* **ACTIVITY**:
Below are records to reproduce in full; copy them exactly but keep the pictures out.

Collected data
• • •
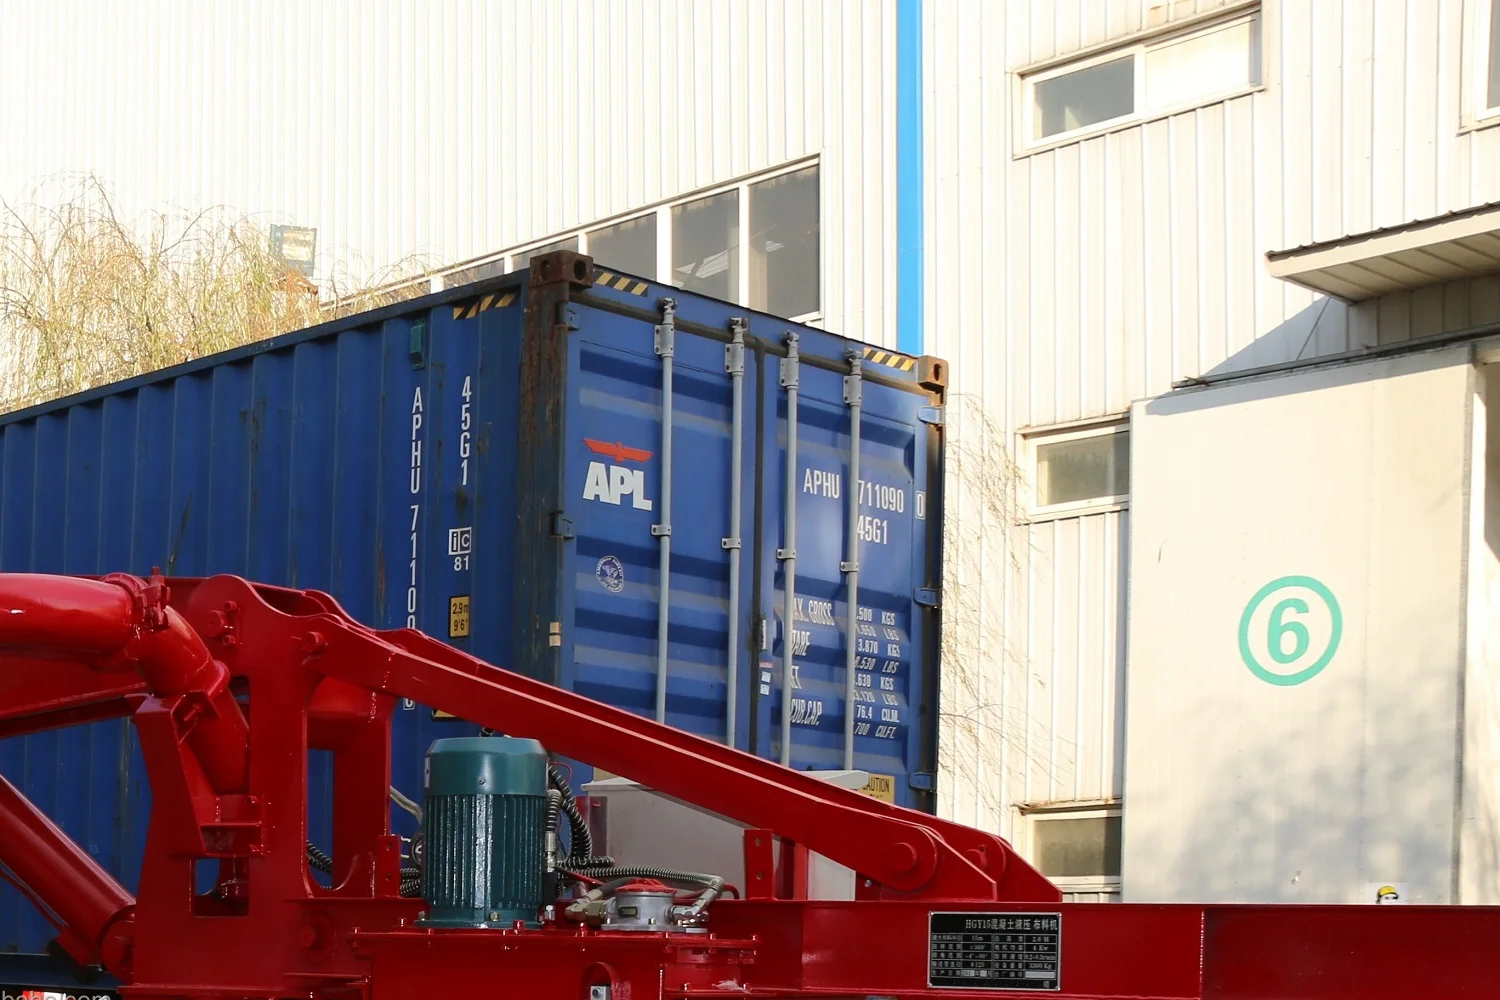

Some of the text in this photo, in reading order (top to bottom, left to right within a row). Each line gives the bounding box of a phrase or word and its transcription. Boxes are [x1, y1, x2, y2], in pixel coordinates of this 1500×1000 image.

[411, 386, 423, 494] APHU
[583, 461, 652, 511] APL
[803, 468, 840, 499] APHU
[858, 480, 904, 513] 711090
[857, 515, 888, 545] 45G1
[454, 556, 469, 571] 81
[793, 598, 835, 626] AX. GROSS
[856, 607, 895, 626] .500 KGS
[883, 628, 899, 641] LBS
[1267, 597, 1310, 664] 6
[888, 643, 900, 657] KGS
[791, 665, 802, 689] ET
[882, 660, 899, 673] LBS
[855, 673, 893, 690] .630 KGS
[882, 693, 898, 706] LBS
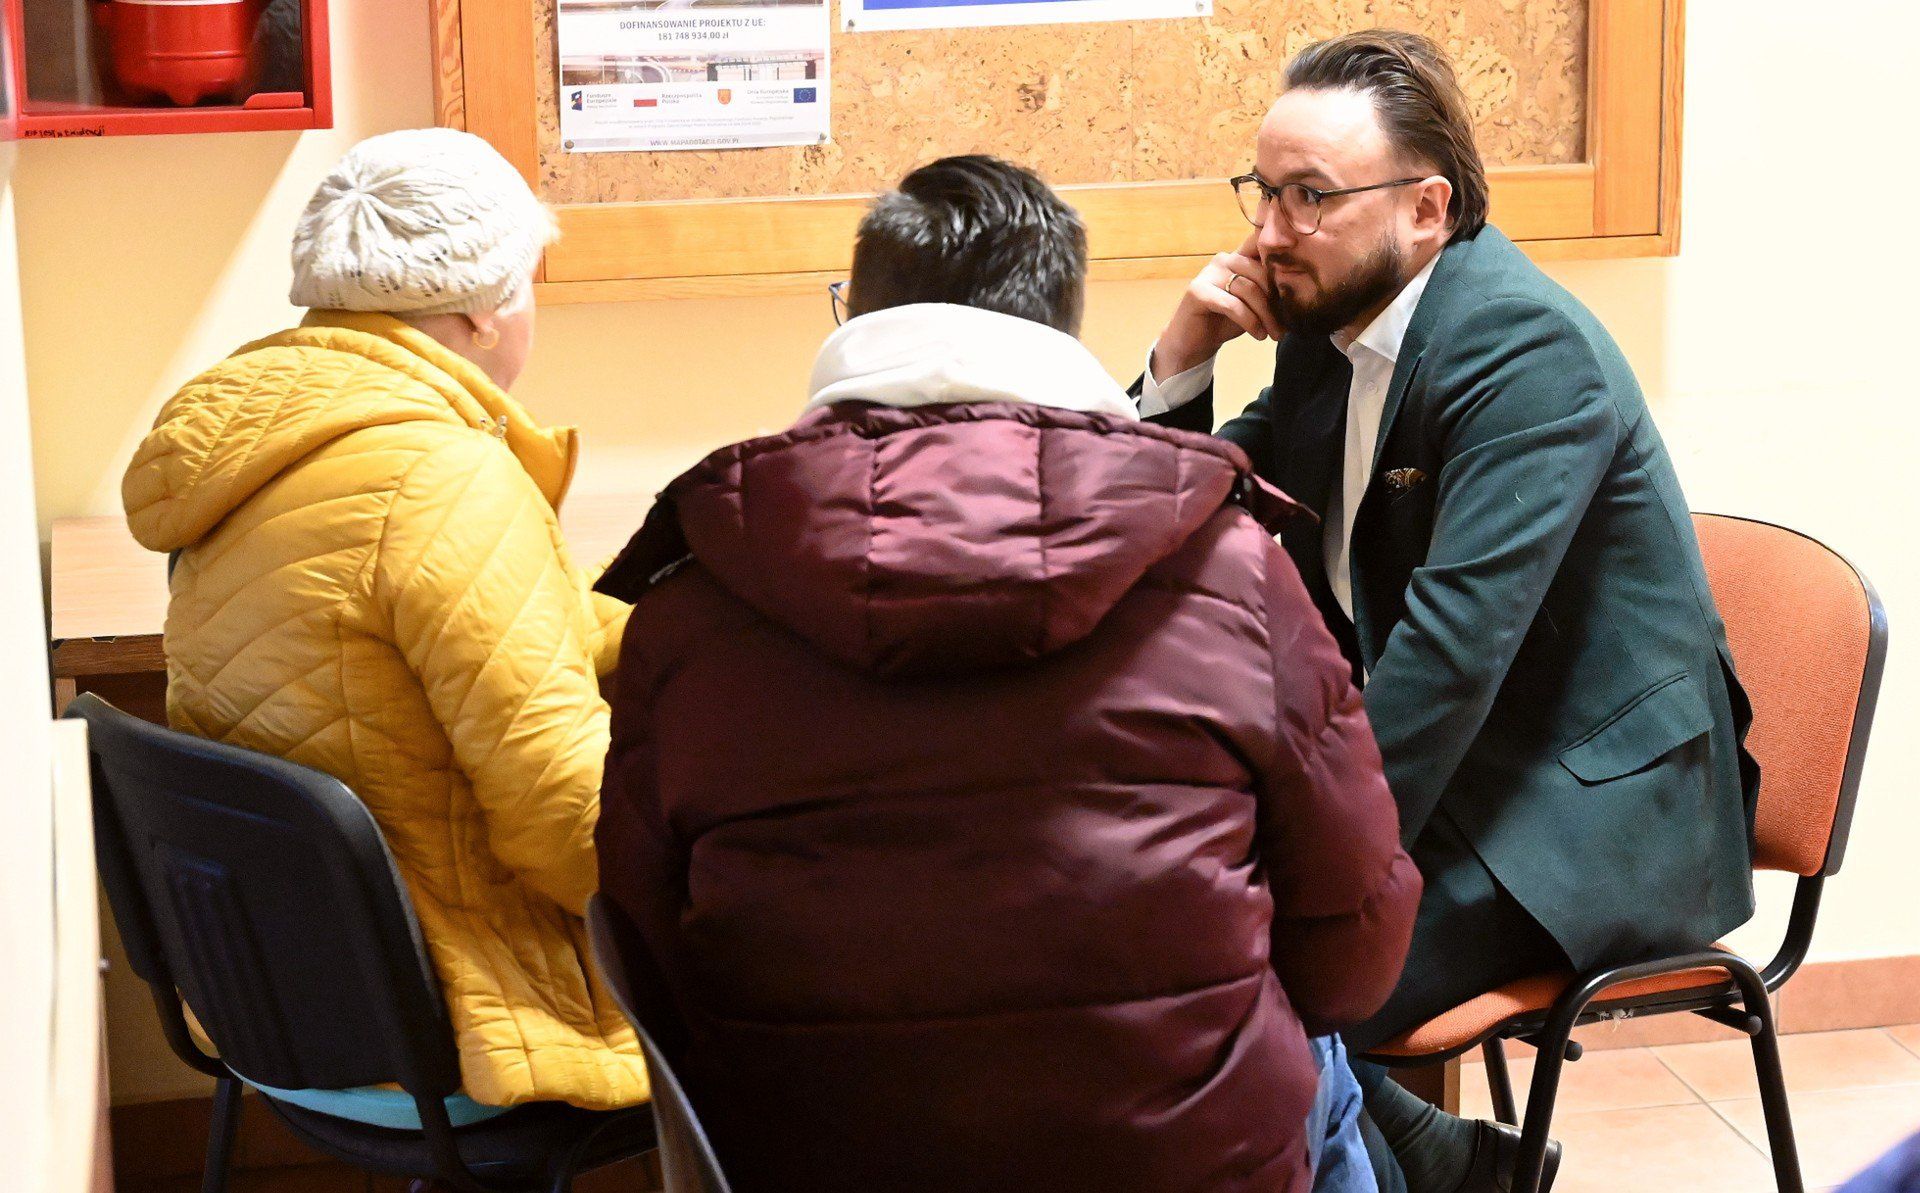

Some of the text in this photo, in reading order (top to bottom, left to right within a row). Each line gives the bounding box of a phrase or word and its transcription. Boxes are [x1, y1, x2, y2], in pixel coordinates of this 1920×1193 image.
• • •
* **YOUR RESPONSE**:
Some of the text in this photo, in reading order (top to bottom, left to right within a row). Each line gives the bounding box of a phrase or word and its transcription. Boxes are [x1, y1, x2, y2], in pixel coordinates of this 1500×1000 image.

[411, 386, 423, 494] APHU
[583, 461, 652, 511] APL
[803, 468, 840, 499] APHU
[858, 480, 904, 513] 711090
[857, 515, 888, 545] 45G1
[454, 556, 469, 571] 81
[793, 598, 835, 626] AX. GROSS
[856, 607, 895, 626] .500 KGS
[883, 628, 899, 641] LBS
[1267, 597, 1310, 664] 6
[888, 643, 900, 657] KGS
[791, 665, 802, 689] ET
[882, 660, 899, 673] LBS
[855, 673, 893, 690] .630 KGS
[882, 693, 898, 706] LBS

Some of the text in this photo, in reading order (top to bottom, left to right within a row). Each line gives the bounding box of a phrase or word and its transcription. Boxes are [x1, y1, x2, y2], in pixel coordinates of this 1920×1193 image.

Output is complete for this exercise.